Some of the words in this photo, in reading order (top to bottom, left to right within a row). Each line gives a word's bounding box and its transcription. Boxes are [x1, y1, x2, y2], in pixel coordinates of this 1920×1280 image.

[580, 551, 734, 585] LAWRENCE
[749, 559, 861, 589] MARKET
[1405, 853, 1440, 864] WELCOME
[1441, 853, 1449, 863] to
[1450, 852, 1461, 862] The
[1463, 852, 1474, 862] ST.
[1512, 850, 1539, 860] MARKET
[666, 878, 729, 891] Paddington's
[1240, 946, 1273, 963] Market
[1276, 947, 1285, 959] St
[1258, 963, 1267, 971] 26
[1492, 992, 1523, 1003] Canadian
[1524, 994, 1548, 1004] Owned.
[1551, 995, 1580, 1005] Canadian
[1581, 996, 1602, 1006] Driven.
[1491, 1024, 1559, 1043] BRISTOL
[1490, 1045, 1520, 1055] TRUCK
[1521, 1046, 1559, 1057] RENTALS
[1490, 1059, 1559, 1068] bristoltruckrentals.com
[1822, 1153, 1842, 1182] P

- - - - - - -

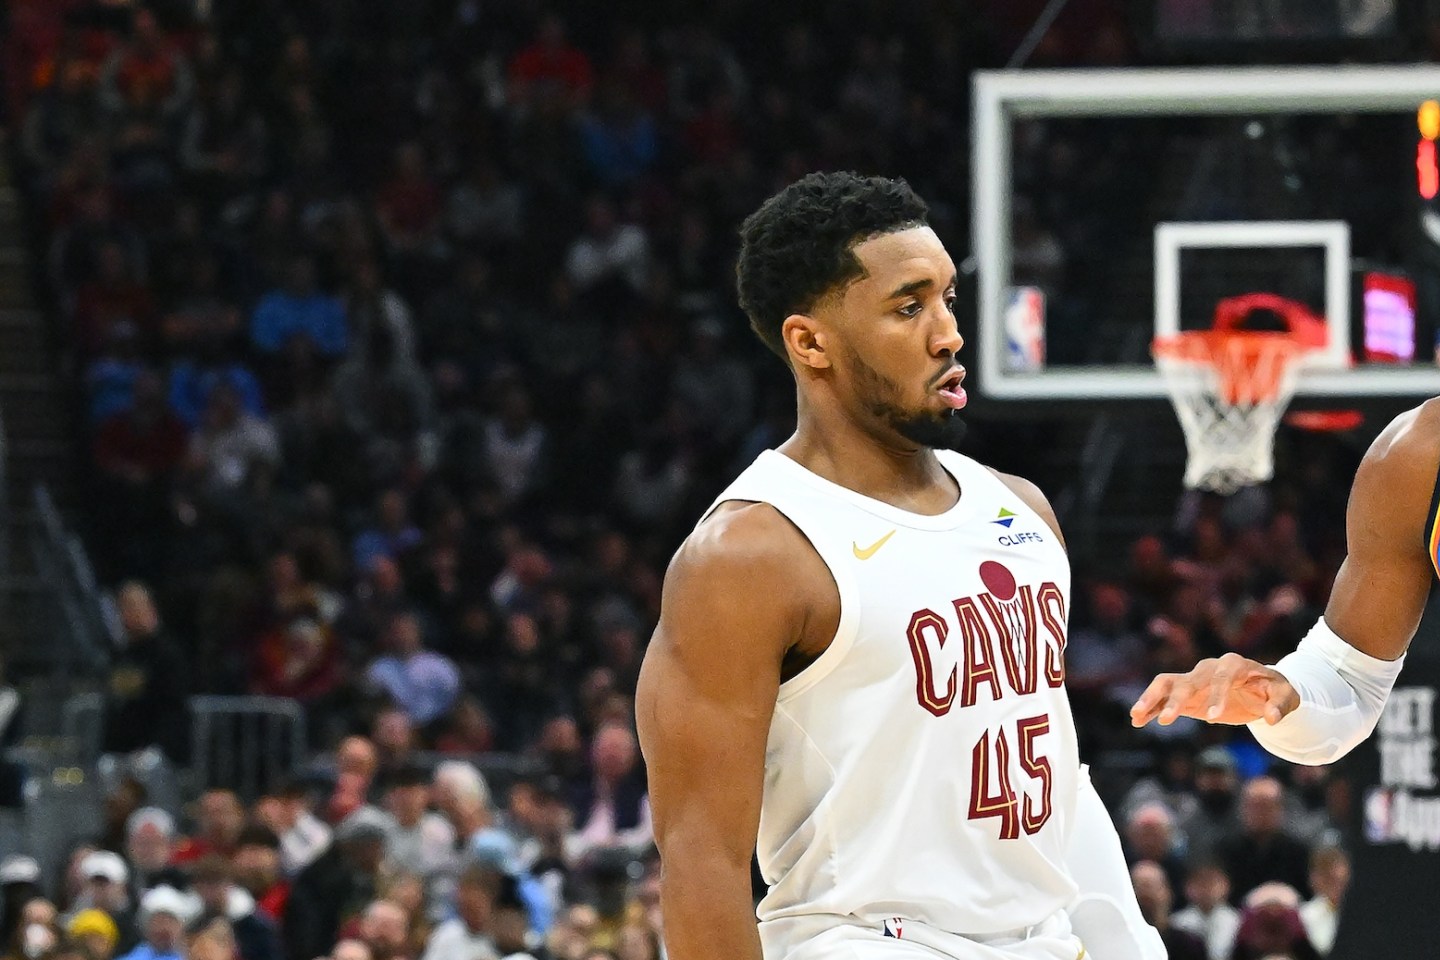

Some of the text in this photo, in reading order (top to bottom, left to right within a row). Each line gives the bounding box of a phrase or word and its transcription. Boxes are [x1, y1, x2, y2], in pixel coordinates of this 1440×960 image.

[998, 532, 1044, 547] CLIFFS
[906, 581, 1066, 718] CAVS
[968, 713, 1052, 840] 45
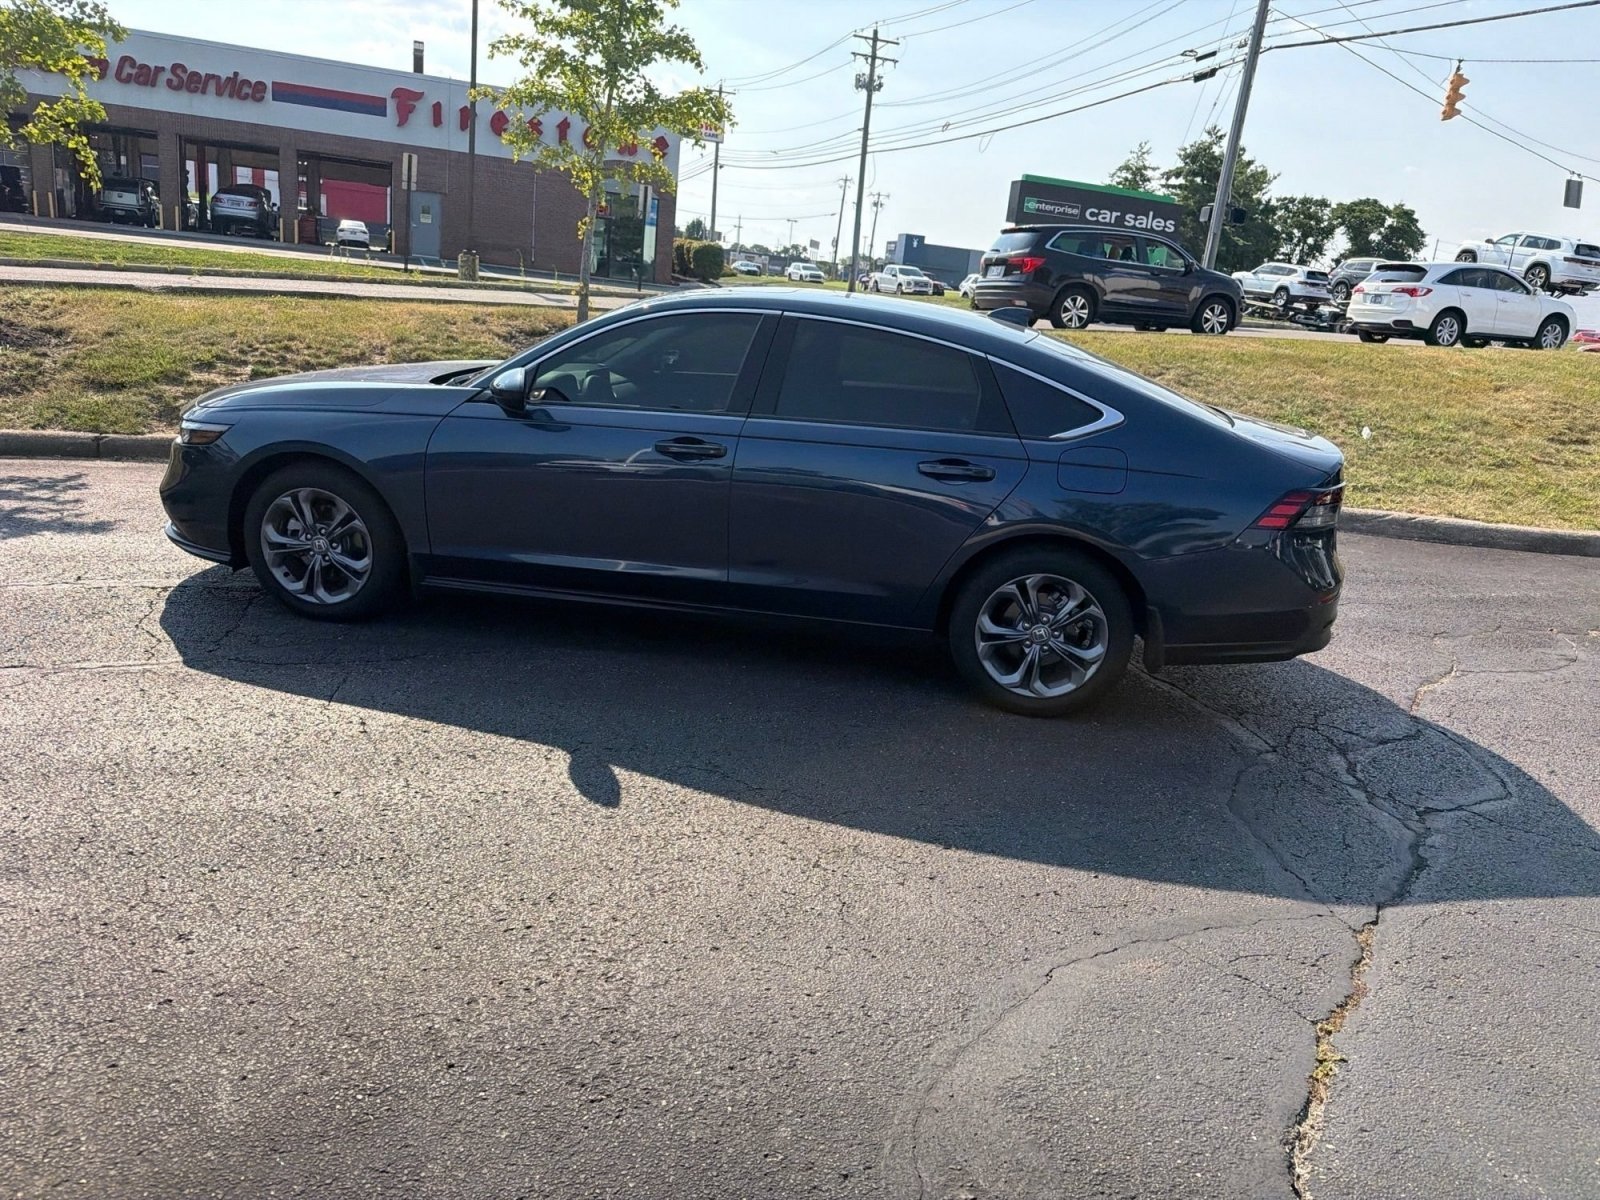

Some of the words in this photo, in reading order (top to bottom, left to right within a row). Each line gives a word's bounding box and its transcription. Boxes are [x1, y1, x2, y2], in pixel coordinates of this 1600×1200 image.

- - - - - - -

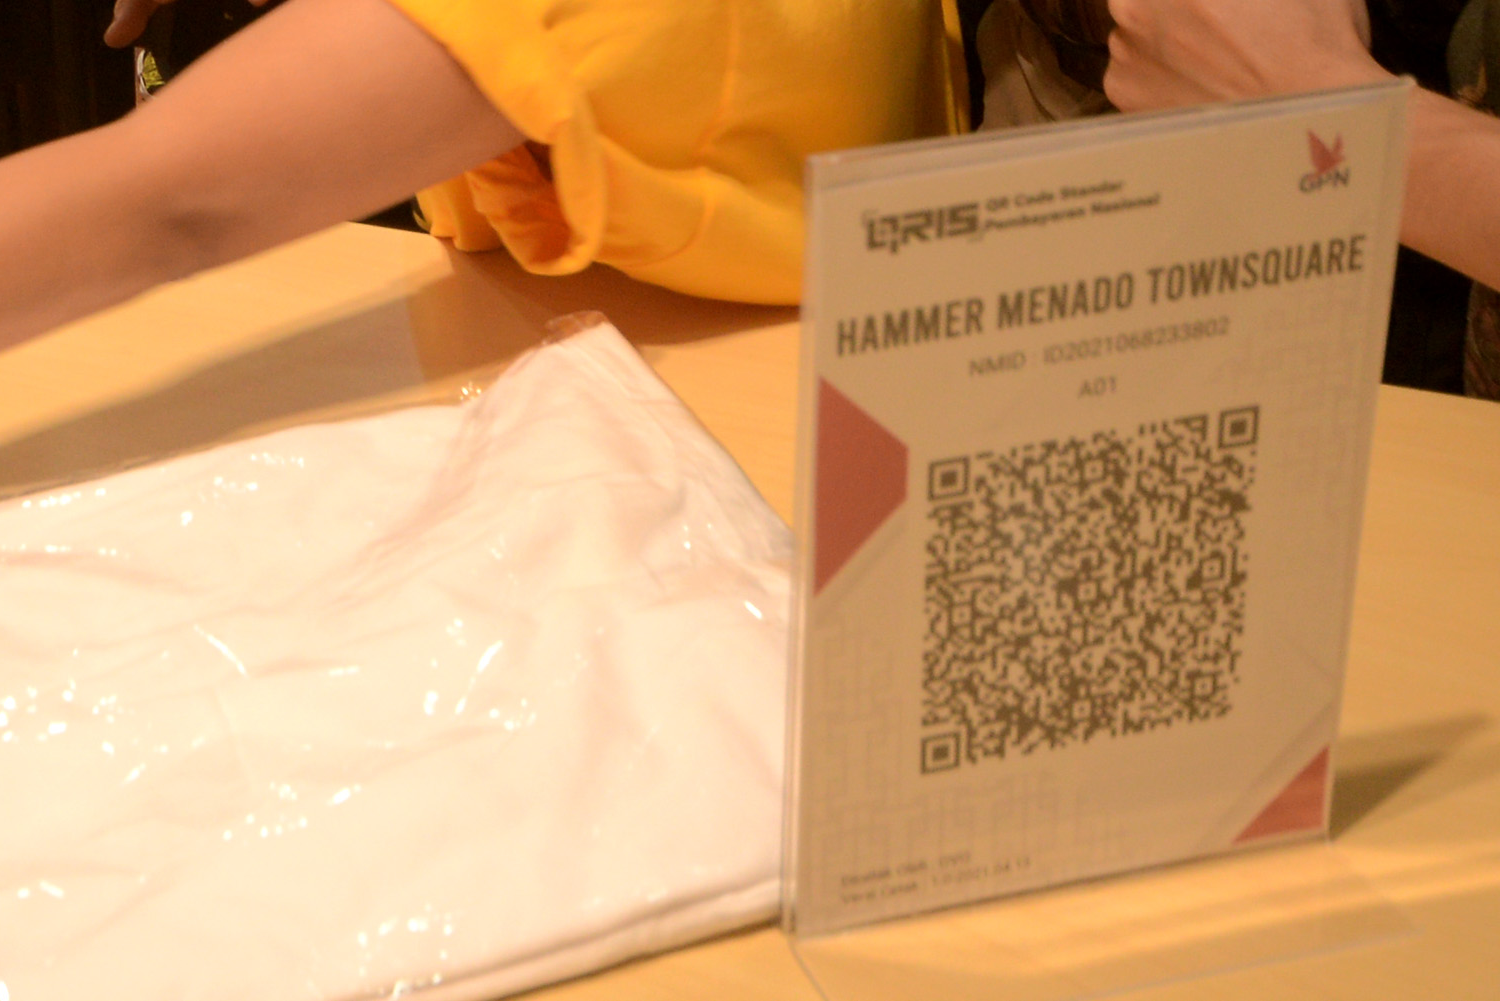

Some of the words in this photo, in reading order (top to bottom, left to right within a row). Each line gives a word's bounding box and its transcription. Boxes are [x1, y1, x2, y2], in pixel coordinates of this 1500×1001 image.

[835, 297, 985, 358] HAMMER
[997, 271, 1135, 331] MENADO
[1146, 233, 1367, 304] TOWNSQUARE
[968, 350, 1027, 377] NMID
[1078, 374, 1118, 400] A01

- - - - - - -

▸ What to do: Quote word for word only the lines above from the one containing "Some of the text" through the one containing "this 1600×1200 image.". Pictures stay out of your copy.

▸ Problem solution:
Some of the text in this photo, in reading order (top to bottom, left to right within a row). Each line gives the bounding box of a phrase or word and its transcription. Boxes are [x1, y1, x2, y2], in pixel coordinates of this 1440×960 image.

[998, 532, 1044, 547] CLIFFS
[906, 581, 1066, 718] CAVS
[968, 713, 1052, 840] 45

Some of the words in this photo, in reading order (top to bottom, left to right within a row). Each line gives a word's bounding box and its transcription. Boxes are [x1, y1, x2, y2], in pixel coordinates of this 1600×1200 image.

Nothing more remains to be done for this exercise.